--- DATA IN THIS EXERCISE ---

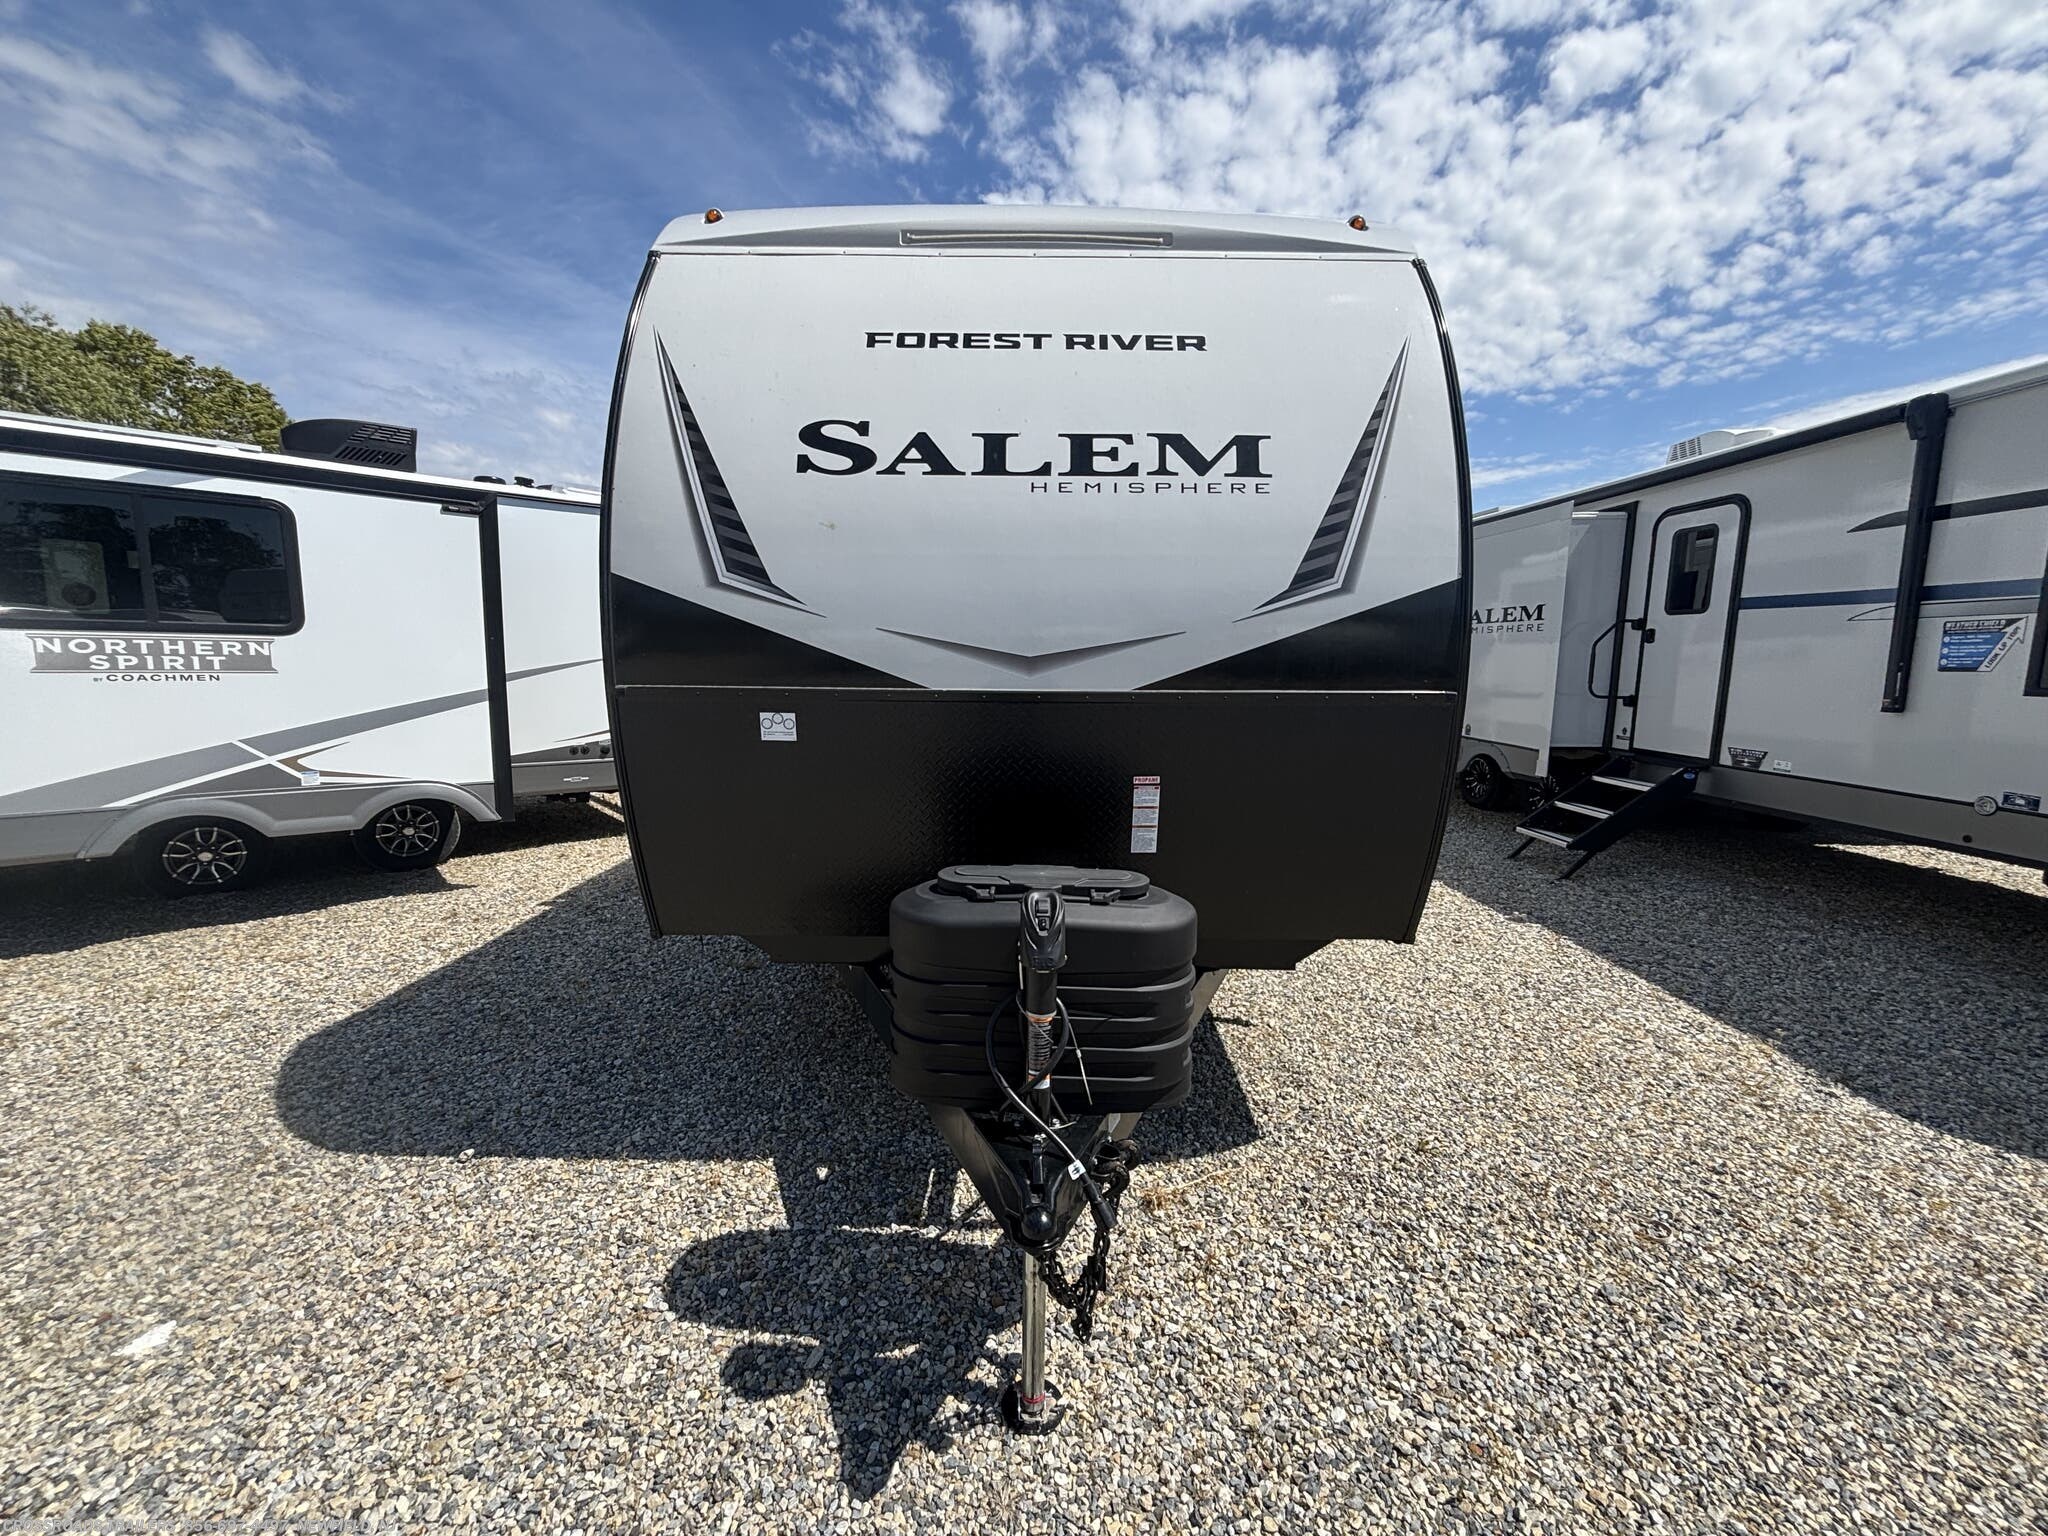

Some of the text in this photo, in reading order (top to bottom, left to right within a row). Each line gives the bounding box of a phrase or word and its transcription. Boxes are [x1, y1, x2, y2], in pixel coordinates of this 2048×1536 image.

[865, 331, 1208, 352] FOREST RIVER
[796, 419, 1273, 478] SALEM
[1030, 482, 1271, 495] HEMISPHERE
[1472, 604, 1546, 624] ALEM
[1472, 623, 1544, 634] MISPHERE
[33, 637, 271, 656] NORTHERN
[89, 655, 226, 670] SPIRIT
[106, 674, 221, 682] COACHMEN

---

WORK REQUIRED
The records above must be repeated in full and exactly, but without any of the pictures.

RESPONSE TO THIS EXERCISE
Some of the text in this photo, in reading order (top to bottom, left to right within a row). Each line gives the bounding box of a phrase or word and its transcription. Boxes are [x1, y1, x2, y2], in pixel coordinates of this 2048×1536 image.

[865, 331, 1208, 352] FOREST RIVER
[796, 419, 1273, 478] SALEM
[1030, 482, 1271, 495] HEMISPHERE
[1472, 604, 1546, 624] ALEM
[1472, 623, 1544, 634] MISPHERE
[33, 637, 271, 656] NORTHERN
[89, 655, 226, 670] SPIRIT
[106, 674, 221, 682] COACHMEN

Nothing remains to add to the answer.